The experience opened my eyes in new ways to disability realities I had not encountered. I saw multiple children whose disabilities – physical and intellectual – were inseparable from abuse in their former homes. Most of the kids never learned basic living skills, much less anything academic. Well-meaning and overworked staff, many of whom were just teenagers themselves, tied children to wheelchairs to keep them in place.
I came back to the U.S. with a new sense of direction. I began an interdisciplinary Master’s degree program and promptly fell in love with a class on the anthropology of disability. I had not known the topic even existed! Finally, I was exposed to disability studies literature, as well as social science and humanities approaches to disability. I was hooked. I read everything I could find, wrote a thesis about parent advocacy efforts, and set out to find my dream job in disability. Unfortunately, it remained elusive and I wandered elsewhere, dedicating myself largely to issues of education, migration, and human rights. As always, I was drawn in by the individual faces and stories behind broader lived experiences, yet I had little interest in working my way up a nonprofit ladder. I wanted to stay in the thick of it, to immerse myself in life histories and absorb everything people would reveal. After years of fighting it, I gave in: it was time to get a PhD in cultural anthropology.
Five years later, I can finally say that my old ambivalence is gone. I have immersed myself in the formal study of disability and am pleasantly surprised by the support I have received from the academic community and beyond. I spend my days reading, writing, and talking about disability issues, and I am lucky to be involved with some fantastic local organizations. I have conducted research in Central America and the U.S., presented papers at multiple conferences, and I am in the process of writing a dissertation on family experiences with complex diagnoses.
I still do not know how I fit into the dominant perceptions of what it means to be a sibling of someone with disabilities. My parents were warned when Katie and I were young that I would likely be jealous or resentful of her, since she would receive so much attention because of her disabilities. This always struck me as ridiculous, even as a child. Did experts really think that I was selfish enough to resent my parents’ attempts to find new therapies or educational techniques?
Even today, I struggle to express my childhood feelings about Katie’s disabilities for one simple reason: Katie was normal to me. I knew nothing else and, even in the earliest weeks of Katie’s life, when we did not know if she would survive nor did we understand the complexity of her intellectual and sensory disabilities, I was fiercely proud of her. She was my sister. She was the only sister I had, the only sibling relationship I would ever know.

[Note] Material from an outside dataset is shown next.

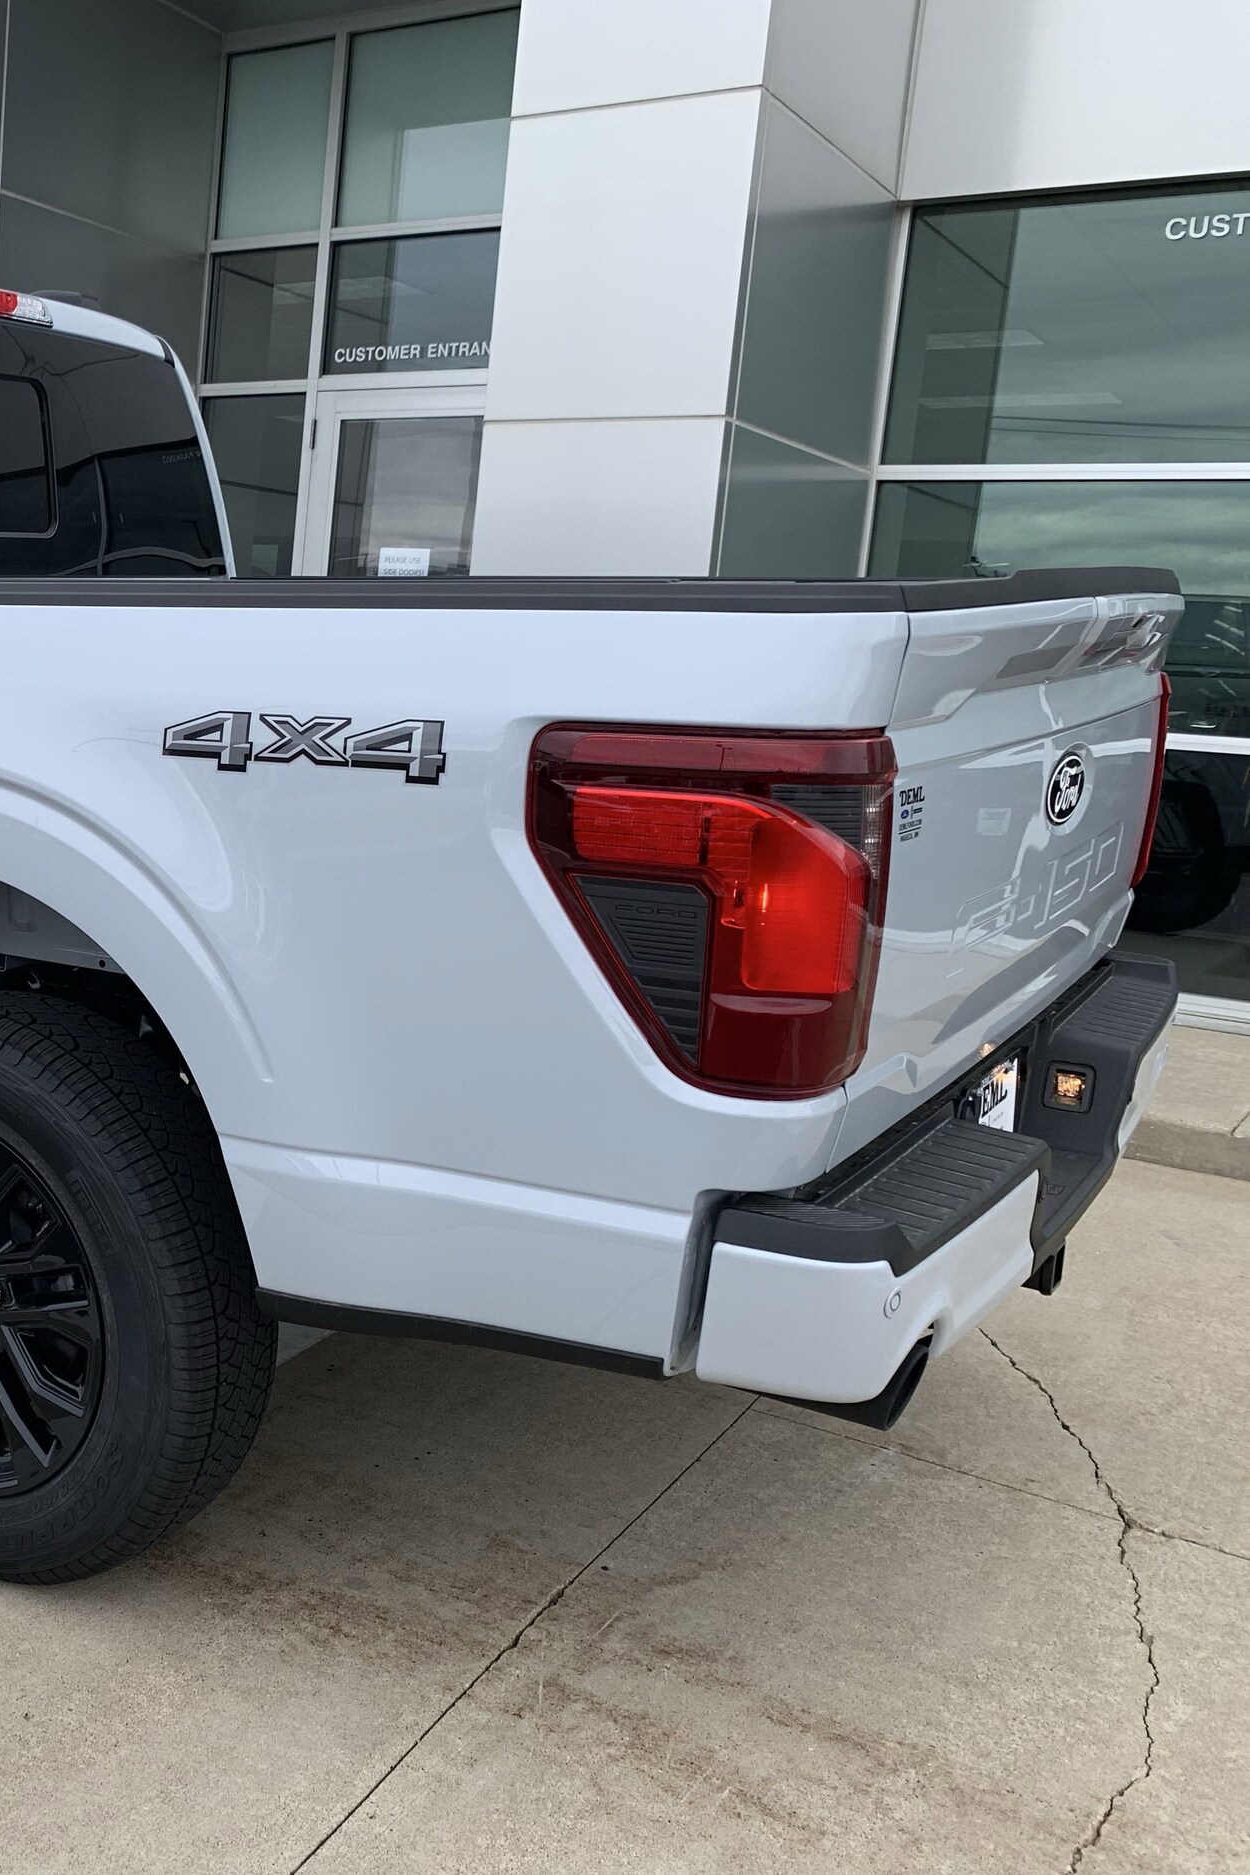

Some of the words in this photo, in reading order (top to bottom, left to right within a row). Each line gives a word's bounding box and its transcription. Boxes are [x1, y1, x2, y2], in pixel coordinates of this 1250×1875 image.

Even at the peak of my family’s legal battle to meet Katie’s educational needs, the only profound feelings of sadness and anger I had were directed toward the failure of the institutions we relied upon to meet our needs, not Katie. The key is that these needs were all of ours. I learned early that the perfect families depicted on television are nothing but fiction, and in reality we all have our struggles. I realized, too, that we live in a world in which people are literally cast aside. This was probably the hardest thing to process as a teenager, and I recall a palpable sense of grief for the naïve optimism I saw in many of my peers.
Looking back at my circuitous path, I should have known that I was a researcher at heart. My passions are meeting families, hearing stories, writing what I see, and sharing these powerful disability realities with people who might not encounter them otherwise. My aim is, and perhaps has always been, to get the word out. I want to learn, witness, and disseminate.